We can celebrate that interest rates are coming down.
With almost 50% of borrowers to refix mortgages in the coming six months, monetary policy will be providing an economic injection.
Bad economic news has laid the platform for better times.
The Government is claiming credit but the seeds sown in 2023 and 2024 were the delivery in crushing inflation, though non-tradable (domestic) inflation is still too high and needs watching.
Now the debate needs to start on the quality and durability of that economic improvement we are starting to see. Will it be of quality?
There are numerous issues we need to own up to as well as opportunities.
My biggest concern is division.
This growing divide we have across New Zealand, as illustrated by the recent hīkoi to Wellington, or farmers taking their tractors to Parliament in opposition to the previous Government has been socially and economically corrosive. The political centre (National and Labour) got 65% of the vote at the last election. The periphery got 35%. Extremism is becoming more common.
Consensus policy-making has become more difficult as the periphery grows in influence.

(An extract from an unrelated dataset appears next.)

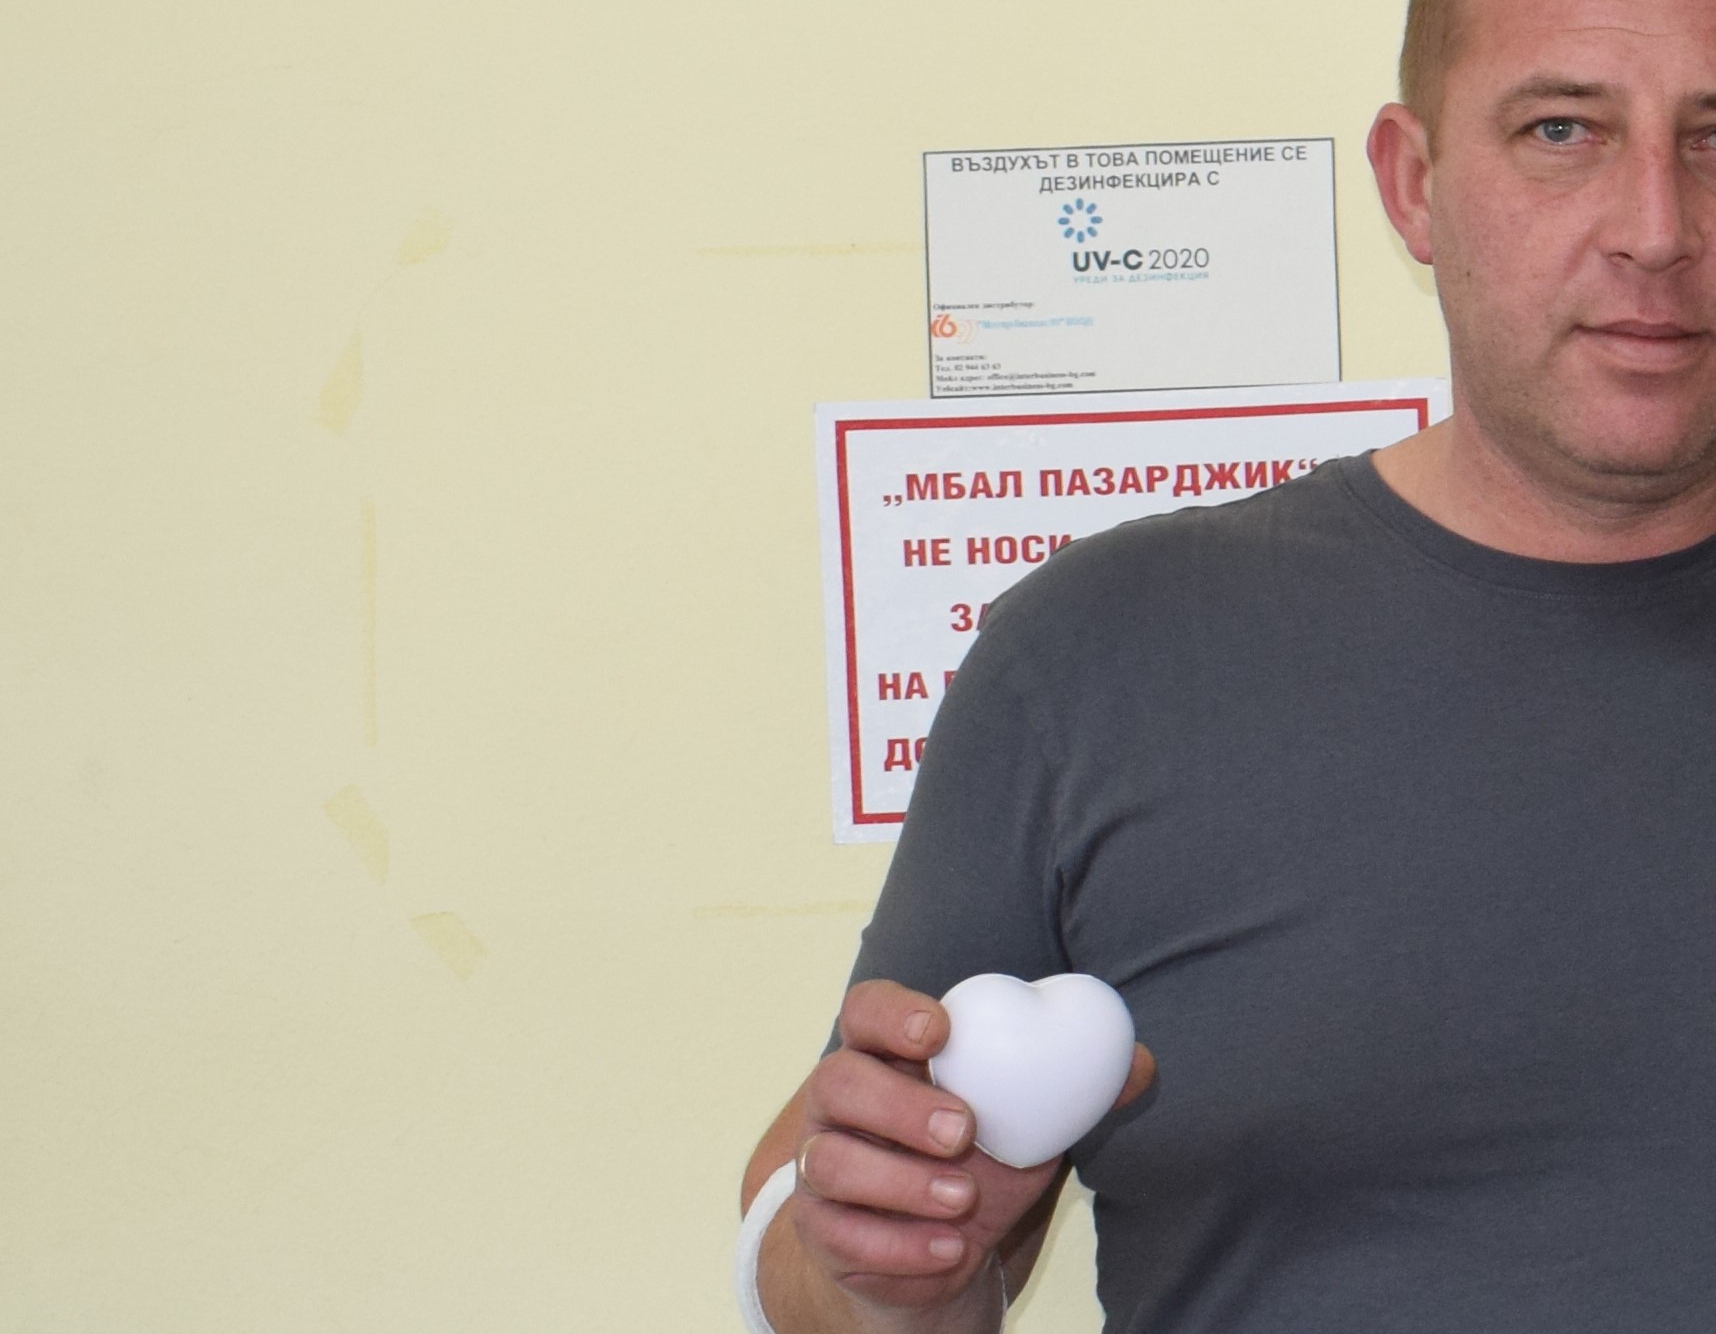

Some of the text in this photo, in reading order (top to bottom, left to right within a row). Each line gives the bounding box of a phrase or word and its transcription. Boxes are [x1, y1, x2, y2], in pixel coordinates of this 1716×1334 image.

Uncertainty rises with that. Uncertainty carries a risk premium. That makes businesses nervous. They do not invest, or any investment requires a higher risk premium.
Division is a global theme. Populism and short-termism are driving politics more and more.

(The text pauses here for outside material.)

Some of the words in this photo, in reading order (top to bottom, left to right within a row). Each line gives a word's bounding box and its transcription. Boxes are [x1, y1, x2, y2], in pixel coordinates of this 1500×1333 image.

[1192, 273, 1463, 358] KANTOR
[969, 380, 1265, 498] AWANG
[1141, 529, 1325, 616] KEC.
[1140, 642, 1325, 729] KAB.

It is not good for New Zealand or the global economy.
The head of the International Monetary Fund recently noted dissatisfied populations as global growth moderates.
The Government and Prime Minister need to lead. They are not.
They need to find more common ground. Work better to get consensus in areas such as education and infrastructure.
There must surely be common growth when it comes to kids and infrastructure. Education and infrastructure are essential economic enablers.
We urgently need to have a national discussion and hui on productivity.
Without productivity, or doing things better, living standards stagnate. It’s a recipe for an exodus out of the country which we are seeing through the departure of New Zealand citizens.
Productivity drives living standards. It provides the coin that underpins many aspects of wellbeing. It drives the tax coming into the Government’s coffers.
The Treasury’s chief economist has been direct in the past week. There is “accumulating evidence of a sustained productivity slowdown”.
The Reserve Bank also acknowledged in their October Official Cash Rate (OCR) decision that “low productivity growth is also constraining activity”.
Back in May, the Treasury noted that “productivity for the whole economy averaged 1.4% a year between 1993 and 2013 but averaged only 0.2% a year over the last 10 years”.
That is an economy in serious structural trouble.
The finger is consistently being pointed at the Government and what it can do.
Or at a trend decline in global productivity growth – which has not matched New Zealand’s decline.
People need to understand that New Zealand’s economic model is morphing. The days of selling more expensive houses to each other are done. Tourism, China, and migration – previous firepowers of growth – are not there.
Welcome in the new economic drivers. Productivity. Business investment. Natural resources.
Better policy. And businesses lifting their game.
These economic drivers require new discussions and a different policy prescription and acceptance.
The Reserve Bank’s decision, for example, to get banks to hold more capital has been a huge own-goal in encouraging home lending at the expense of real productive lending.
Why are more questions not being asked as to why exports have dropped from 29% to 25% of gross domestic product?
We are starting to see better nuances from Government, though far from complete, in areas such as education. The Government’s aspiration of doubling exports is too much demand (market access) focused and needs more supply focus (how we produce the stuff).
The recent announcement of the fast-tracking of initiatives will help.
New Zealand has a huge natural endowment that needs unlocking to drive growth, but also managing the risks around growth. An example is water and irrigation which could be a huge enabler. Horticulture has huge upside. Security is now a key theme in trade. New Zealand is yet to define its strategy and the opportunity.
The business sector needs to lift its game too if we are going to get out of this hole.
The OECD’s economic assessment for New Zealand in 2022 had some pretty pointed comments to make about management and governance.
“Managerial practices in New Zealand lag behind other advanced OECD economies, holding back the adoption and effective uses of digital technologies.
“Management boards in New Zealand’s firms are often more focused on preserving existing value and regulatory compliance than on growth strategies that involve productivity-enhancing investments and international expansion.”
The NZX 50 Index has not performed well in recent years compared to global peers. Companies were slow to respond to the economic signals in 2023 and cut costs.
New Zealand is at an inflection point. A sugar rush is coming from lower interest rates. We are seeing it initially within housing market activity levels though not in prices so far.
A sugar rush upturn is not what we need though.
We need better foundations. Tough times often deliver better foundations because they make people focus.
I’d favour a bit more economic hurt as the building blocks on a more sustainable economic gain.
The bottom line
New Zealand is at an inflection point. A sugar rush is coming from lower interest rates. We are seeing it initially within housing market activity levels though not in prices so far.
A sugar-rush upturn is not what we need, though.
We need better foundations. Tough times often deliver better foundations because they make people focus.
I’d favour a bit more economic hurt as the building blocks on a more sustainable economic gain.